I joined the police during those life on Mars times in the early eighties when the interview process in particular was pretty biased. The detective would make up his or her mind whether the individual that they were about to speak to was guilty or innocent, and then tailor the interview accordingly. The objective was to get a confession from somebody rather than to get information from them. So, when I saw that evolve, if you look at what I did at AKO Capital ultimately, and one of the things that I was able to transfer across to my time in fund management, that was a big part of it. Equity analysts interview CEOs of the companies they’re invested in or that they’re doing due diligence on all the time.

They’re really, really clever people, the analysts, but they don’t get a lot of training or guidance on how to conduct the conversation with somebody to get the most information from them. So in the police, going back to my police time, we moved in the early nineties in the UK and then worldwide really from that really confirmation bias or bias approach to interviewing somebody and having a conversation with an individual, whether it be a witness or a suspect towards more one that was to get information from them. That happened because of a lot of miscarriages of justice that happened in the early nineties in the Guildford four, the Birmingham six and other cases, which were really bad in a number of ways.

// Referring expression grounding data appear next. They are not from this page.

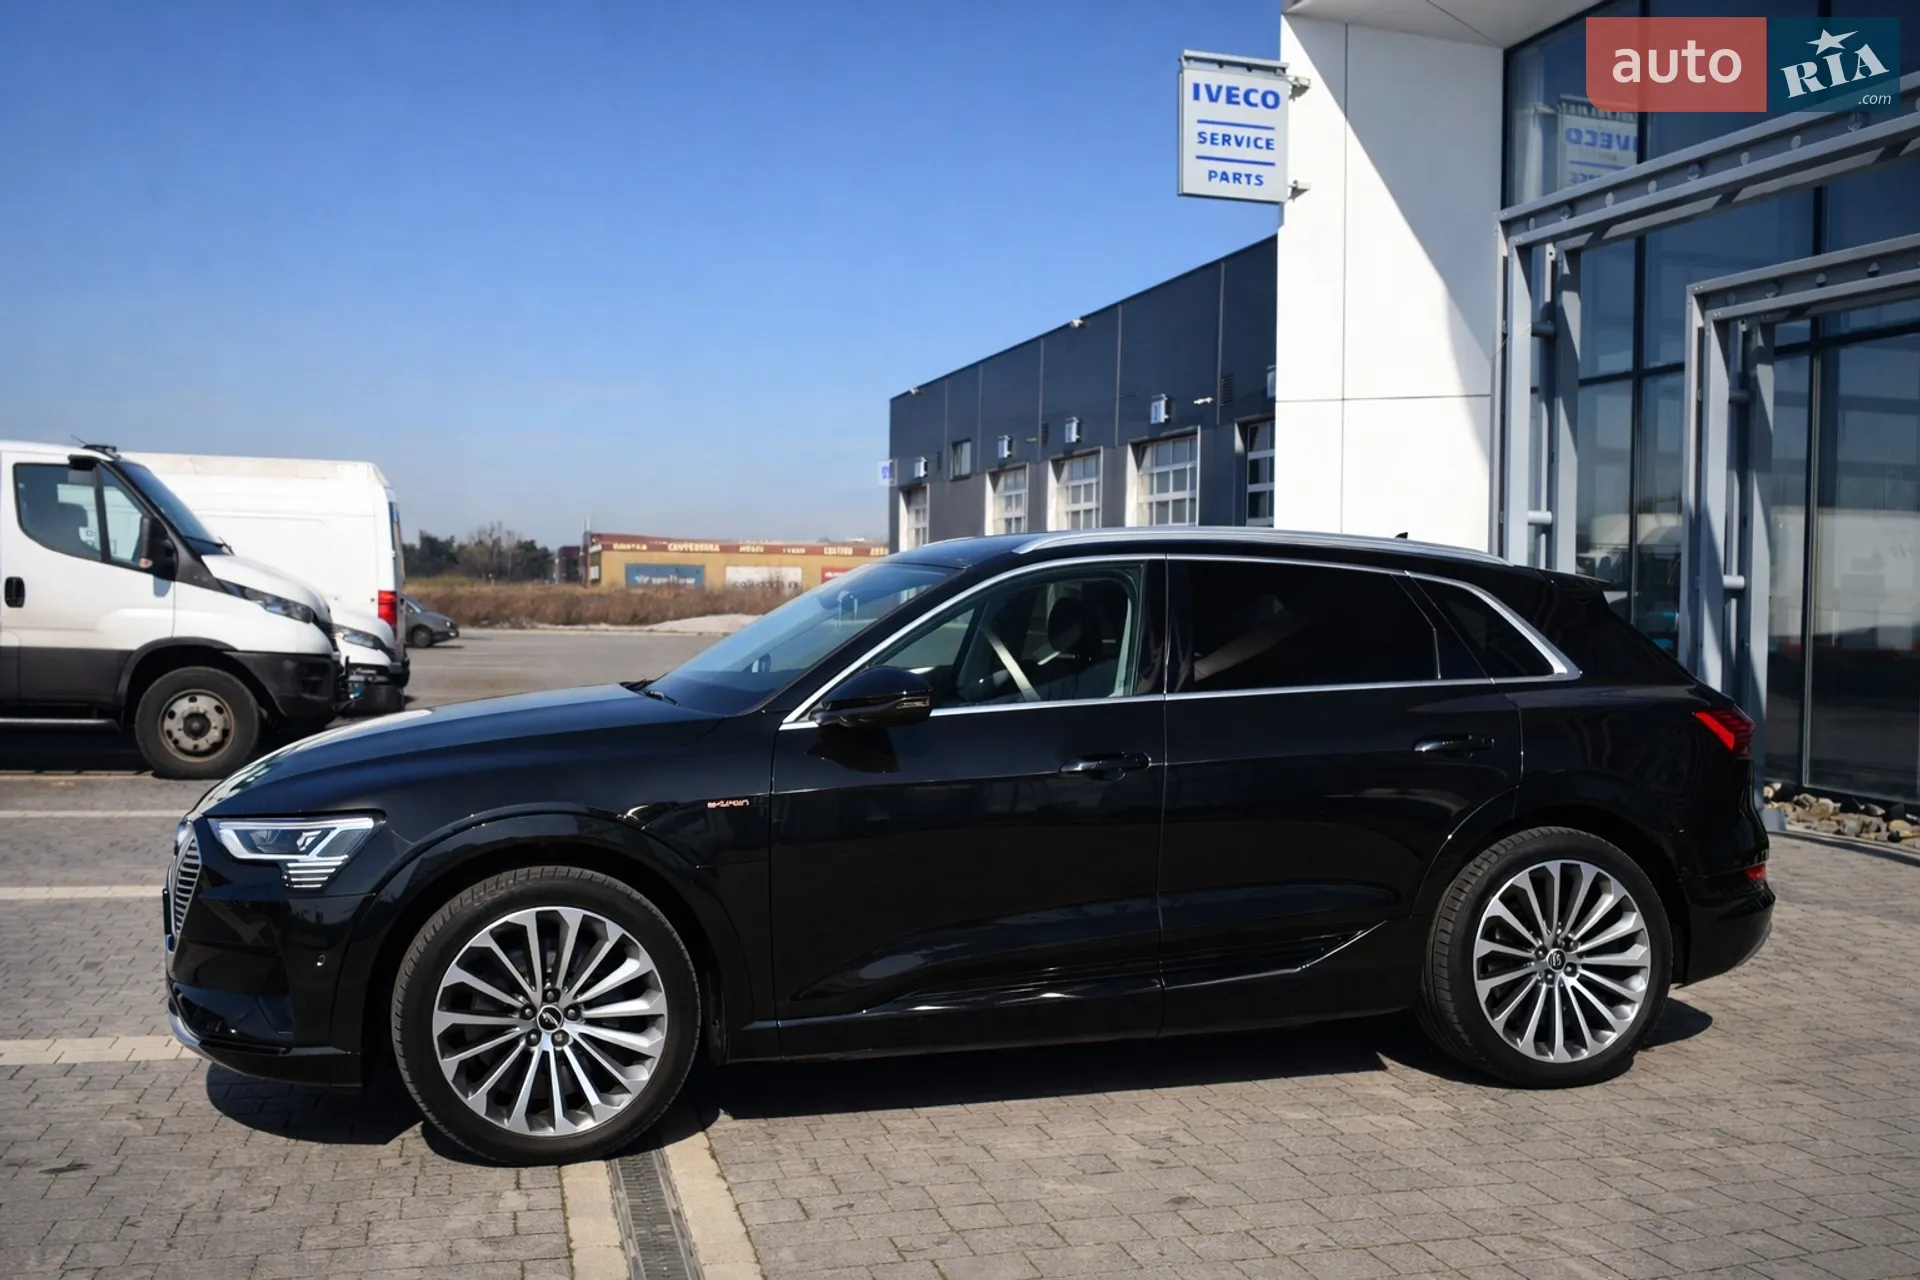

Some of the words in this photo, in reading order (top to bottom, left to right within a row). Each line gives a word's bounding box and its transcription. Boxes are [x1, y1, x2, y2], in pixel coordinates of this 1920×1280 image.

[1192, 82, 1280, 110] IVECO
[1196, 131, 1275, 150] SERVICE
[1208, 169, 1263, 187] PARTS
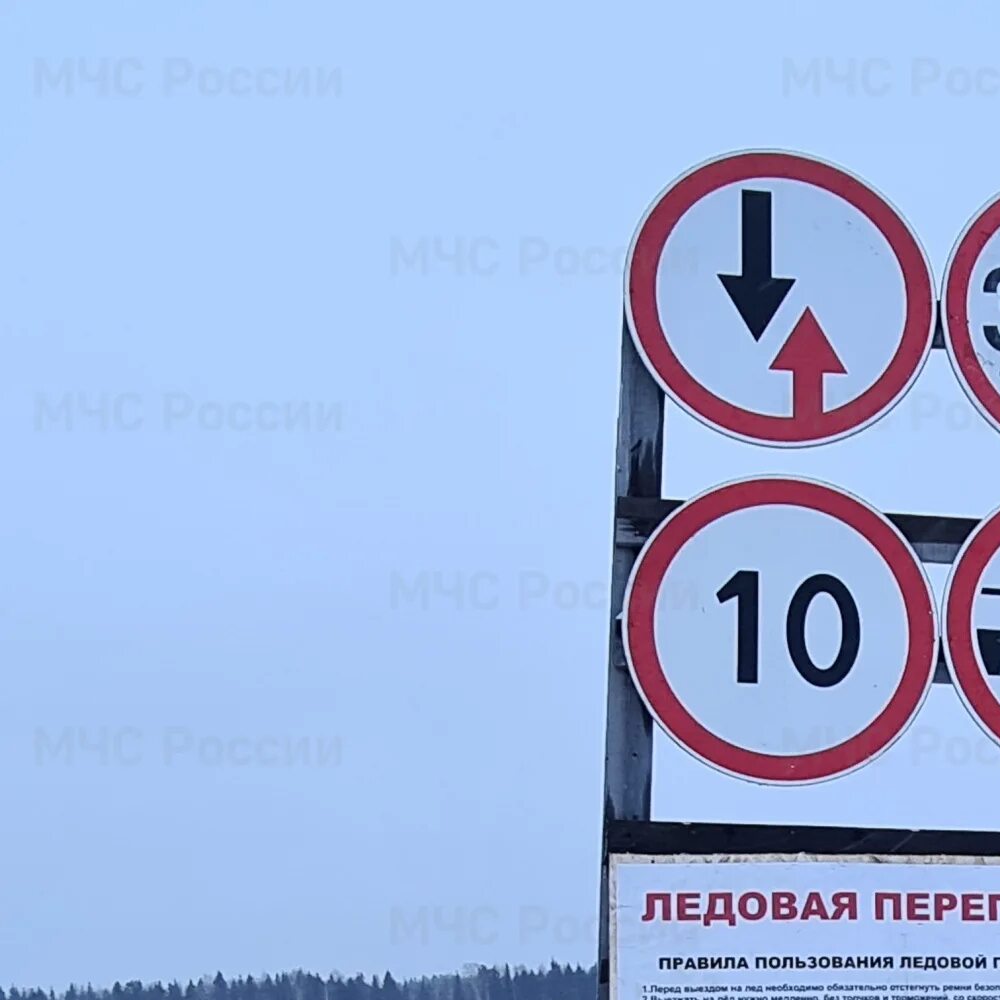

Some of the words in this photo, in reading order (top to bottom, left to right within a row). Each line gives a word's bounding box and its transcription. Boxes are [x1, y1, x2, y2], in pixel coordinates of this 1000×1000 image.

[716, 570, 861, 688] 10
[641, 892, 858, 926] ЛЕДОВАЯ
[658, 957, 749, 970] ПРАВИЛА
[755, 956, 894, 969] ПОЛЬЗОВАНИЯ
[899, 954, 987, 971] ЛЕДОВОЙ
[642, 984, 682, 994] 1.Перед
[683, 985, 728, 994] выездом
[744, 985, 764, 993] лед
[764, 983, 825, 993] необходимо
[826, 983, 888, 991] обязательно
[889, 985, 941, 993] отстегнуть
[942, 984, 972, 993] ремни

They were bad because innocent people were in prison for a long time based upon confessions that were false, and they were bad because, the offenders were out there walking around on the street doing more harm and bad because there was a lot of reputational damage to UK law enforcement that arose from that high publicity when the people appealed and won their appeals years later, and also bad because the victims didn’t get justice.

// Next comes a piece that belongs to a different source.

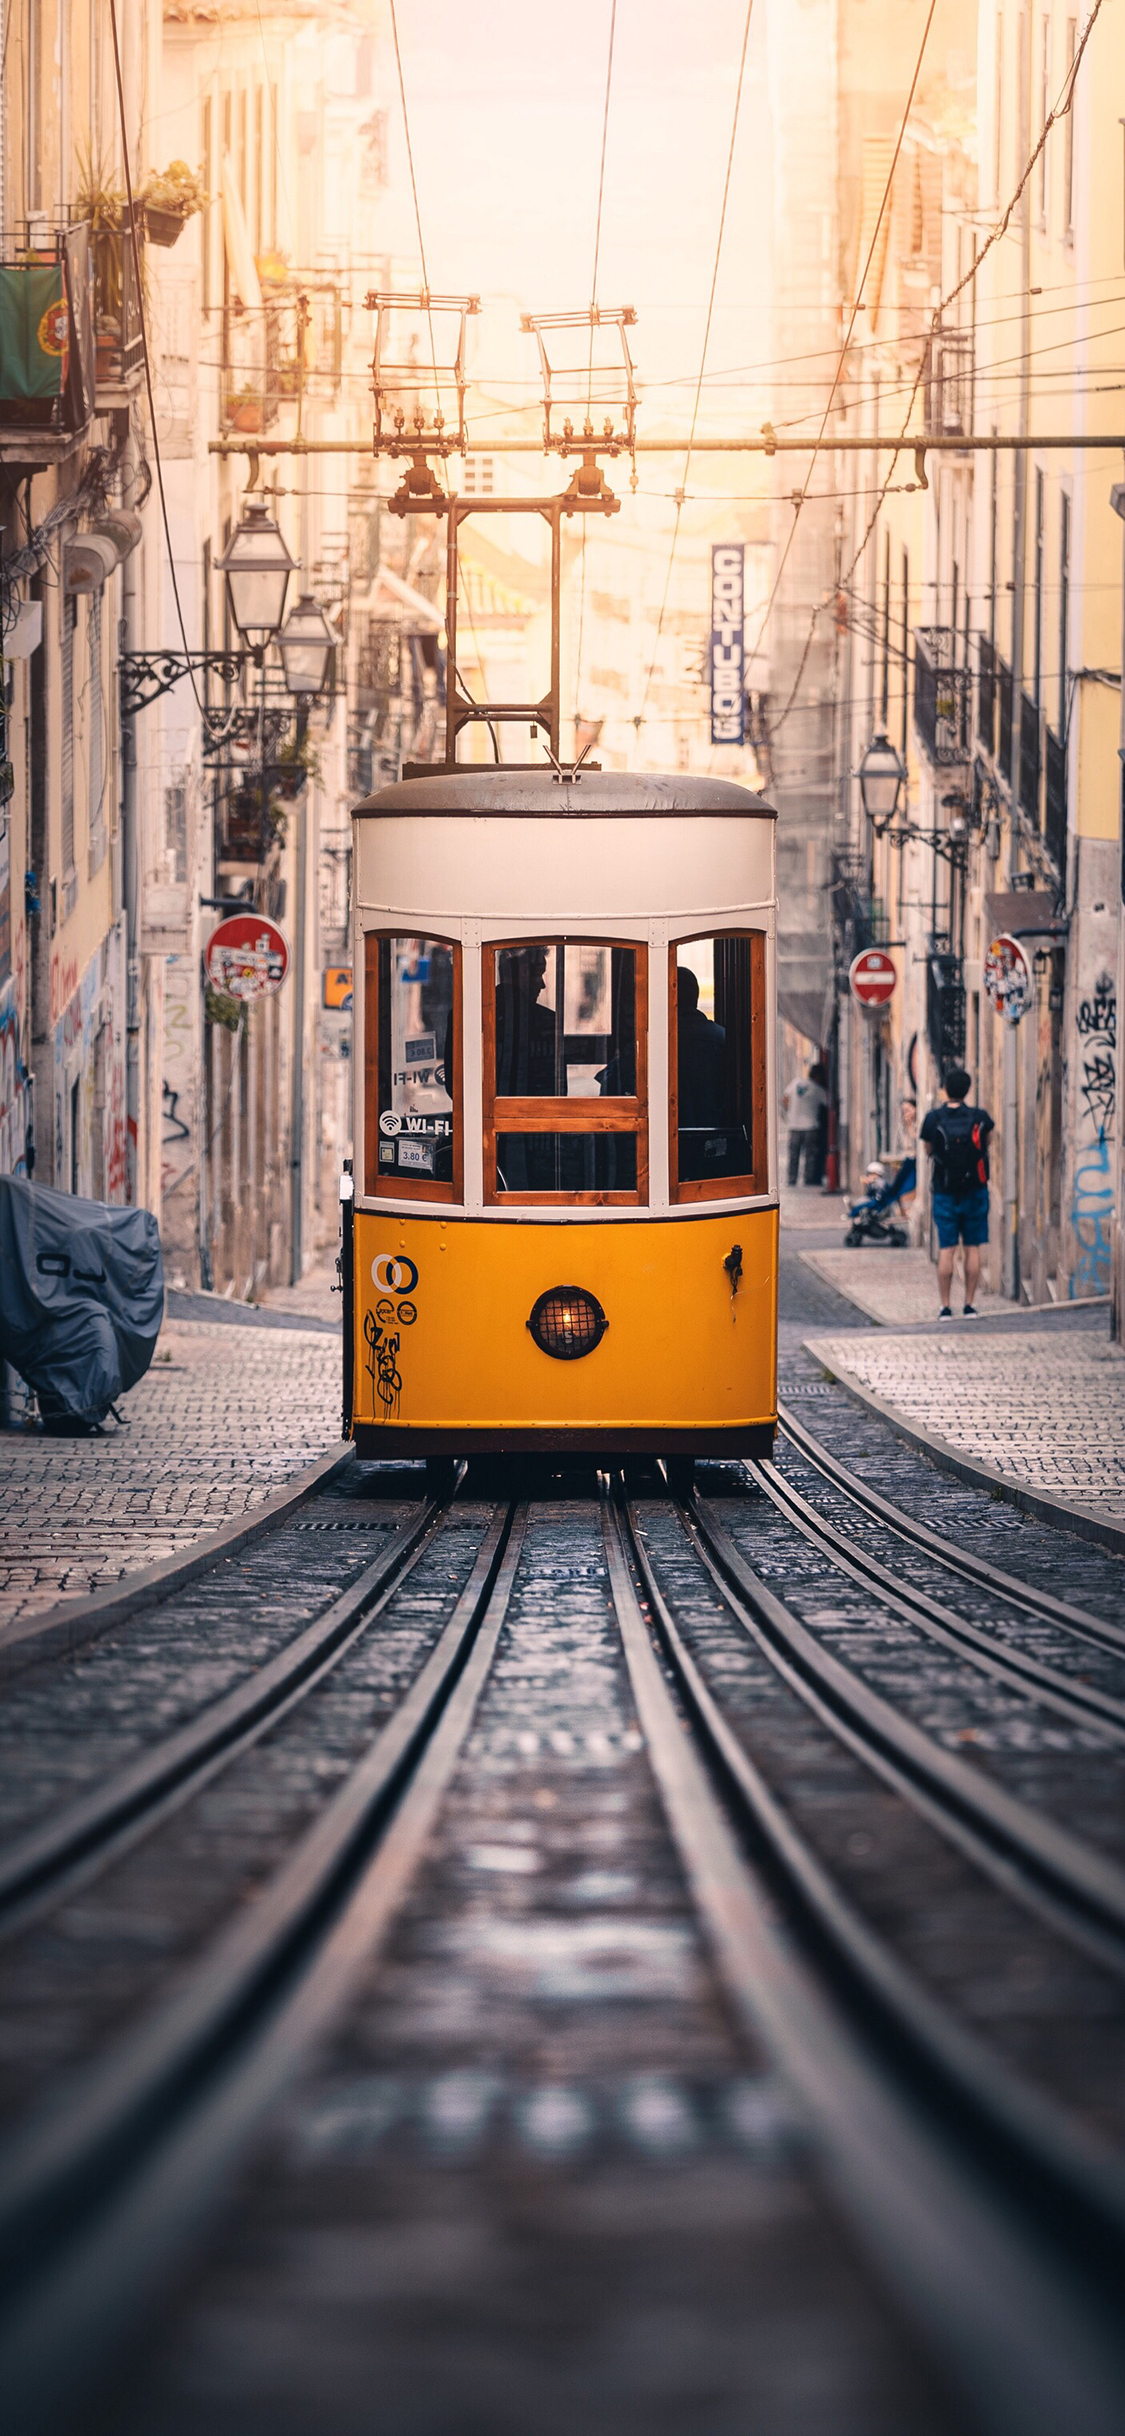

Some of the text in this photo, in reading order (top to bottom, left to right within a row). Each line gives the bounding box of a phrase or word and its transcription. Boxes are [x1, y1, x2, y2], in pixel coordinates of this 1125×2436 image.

So that led to a royal commission, which led to academics becoming involved in UK policing’s approach to investigative interview or to conversation management and changed the whole thing, root and branch. I was lucky enough to be immersed in that as a practitioner in the early nineties, and then later as a strategist, as I got more and more higher up the ranks in UK policing. So that sort of led on for my region anyway and had some involvement nationally on interview techniques. That’s one thing that changed, lots of other things changed but the job itself, policing detective work never really changes: you’re investigating something. What does change is the tools that you’ve got to help you do that really, and that did change a lot in my time.

Tarek: I believe AKO Capital recommend an interview techniques book that touched on the transition from traditional Q&A to research-based interviews or enhanced cognitive interview techniques. What would, in your opinion, now that you’ve done detective work and you’ve worked in fund management, what do you think the fund management industry would be really missing if they don’t focus on adopting these enhanced interview capabilities and techniques? What would be the key takeaway?

Laurence: Well, I always say that, you know, people’s decisions are based upon information. So, all our decisions are based upon information in fund management and everywhere else in life, but really crucial in fund management. There’s a lot of risk around those decisions and you make better decisions if you’ve got better information. I don’t think anybody would argue with that premise.

As I alluded to earlier, it always sort of fascinated me how analysts and people in the industry, in fund management become or in industry are becoming, fundamental analysts, perhaps forensic accounting analysts as well, market analysts, are all good at forming models, but actually awful at asking questions, awful at managing the process of the interview from the start to the finish, to give themselves the best chance to obtain as much accurate, reliable and relevant information from their interlocutors as they possibly can. That’s the thing at AKO Capital that I sort of really helped in that regard. If you increase the amount of information you’re getting from a source, then you’re going to make better decisions ultimately at the end of the day; so, that was one big win.

Tarek: Is the big topic then ‘credibility versus reliability’? Would you phrase it in that sense?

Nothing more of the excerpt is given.